Annual revenue from workshops declined from $995,000 in 2011 to $110,000 this year. Arpin said this mirrored a fall in worldwide shipments of digital single-lens reflex cameras.
A migration of photography courses to university and TAFE also put pressure on the centre's numbers and the rise of smartphones had democratised the medium.
The Australian Centre for Photography was also critical in launching the career of Bill Henson.Credit:Janie Barrett
"The world has changed and the advent of the smartphone and the iPhone is that everyone is a photographer," Arpin said. "I'm not sure it's a crisis. It's the evolution of the medium. As the medium started being recognised as a legitimate art form the ACP came to fruition.
"We've had decades worth of exhibitions highlighting some of the greats that started here in Australia.
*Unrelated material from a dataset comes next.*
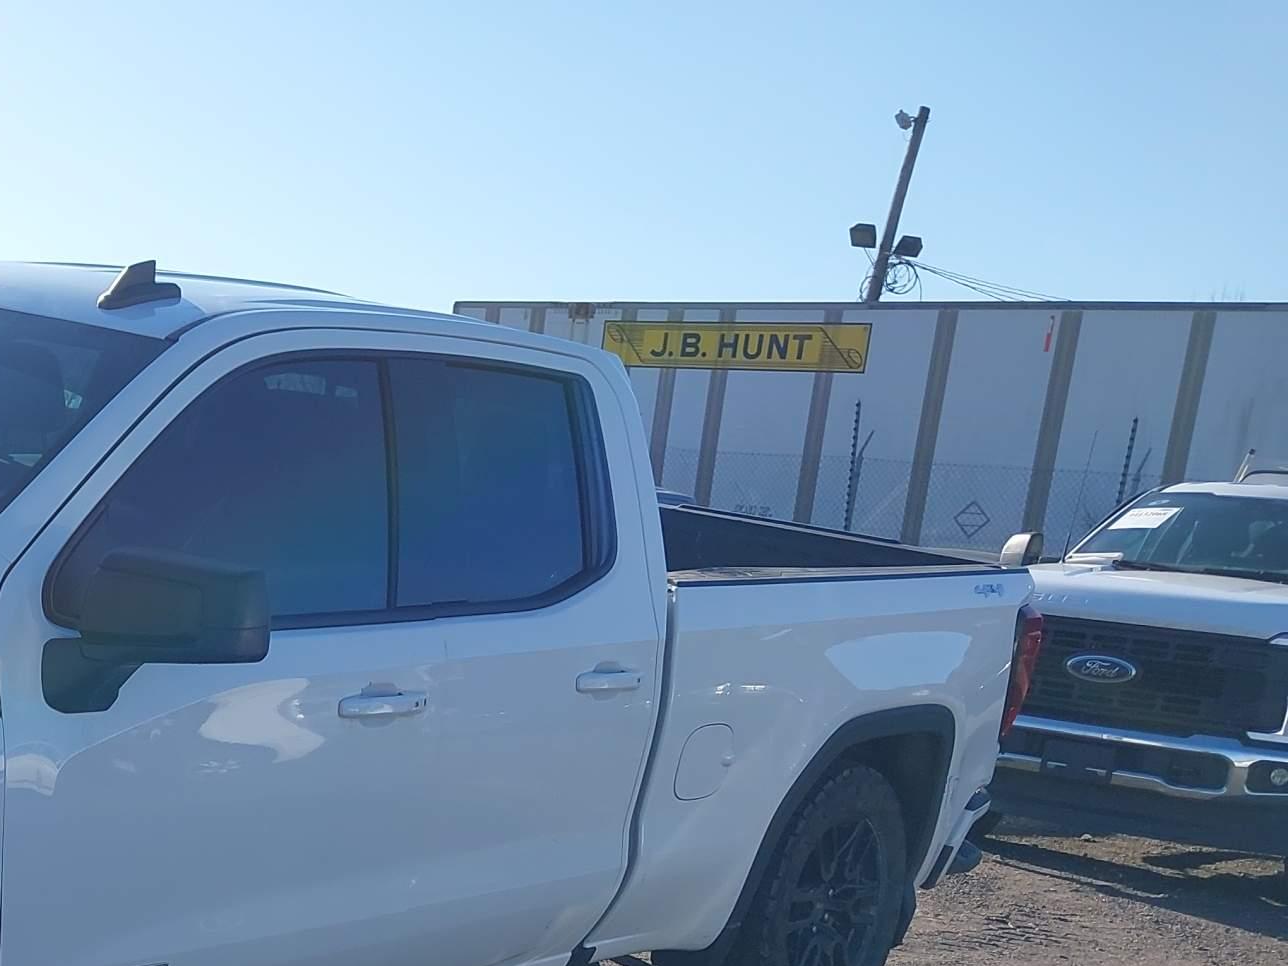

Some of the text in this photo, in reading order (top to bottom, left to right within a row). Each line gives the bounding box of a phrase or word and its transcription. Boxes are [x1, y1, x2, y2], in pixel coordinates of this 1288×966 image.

[649, 332, 813, 360] J.B. HUNT
[1080, 660, 1120, 678] Ford
It's not that the mandate itself was less relevant but maybe photography became so prevalent that it's lost its special cachet."
The ACP will attempt to restructure and a consultative committee will be formed to discuss how to best to safeguard its legacy and use its capital – proceeds from the sale of its Paddington gallery in 2014.
Failing the arrival of white knight donor, options include using the funds to establish a photography prize, a partnership with a state institution, or a scholarship program to support studies in photography. A decision is likely by July 2021.
ACP presented the first major photography retrospectives of Max Dupain, Olive Cotton, and Mervyn Bishop as well as early exhibitions of works by Bill Henson and William Yang.
Former program manager and acting director Blair French, now with Carriageworks, said the centre had been vital to the development of photography and its presence within the wider art ecology for many decades.
"However, the ambition and visibility of its exhibiting programs have waned over recent years, particularly since it sold and departed from its long-term home in Paddington in 2015. We can only hope that a new organisation or a significantly rethought ACP will emerge from this situation."
Any historian can tell you that the diminution of the arts tends to parallel the rise of barbarism.
"I really loved it when the Australian Centre for Photography was on Oxford St Sydney," Moffatt said. "In the 1980s and 90s I would walk along to it dressed in my New Wave clothes bought at the Paddington Markets and go in and see the latest photo art. I swear to God I saw a real Mapplethorpe exhibition there in the 1980s and I was able to study his velvety black and white printing technique."
Moore said fine art photography would likely survive and prosper despite what had happened to the ACP as there were many galleries and museums showcasing photographic works.
"The important thing is that the ACP was set up as not just a gallery but as an educational institution and as such one that could lead to the acceptance of photography as an art form and increase Australian’s awareness of it’s value and significance in the art world as a whole."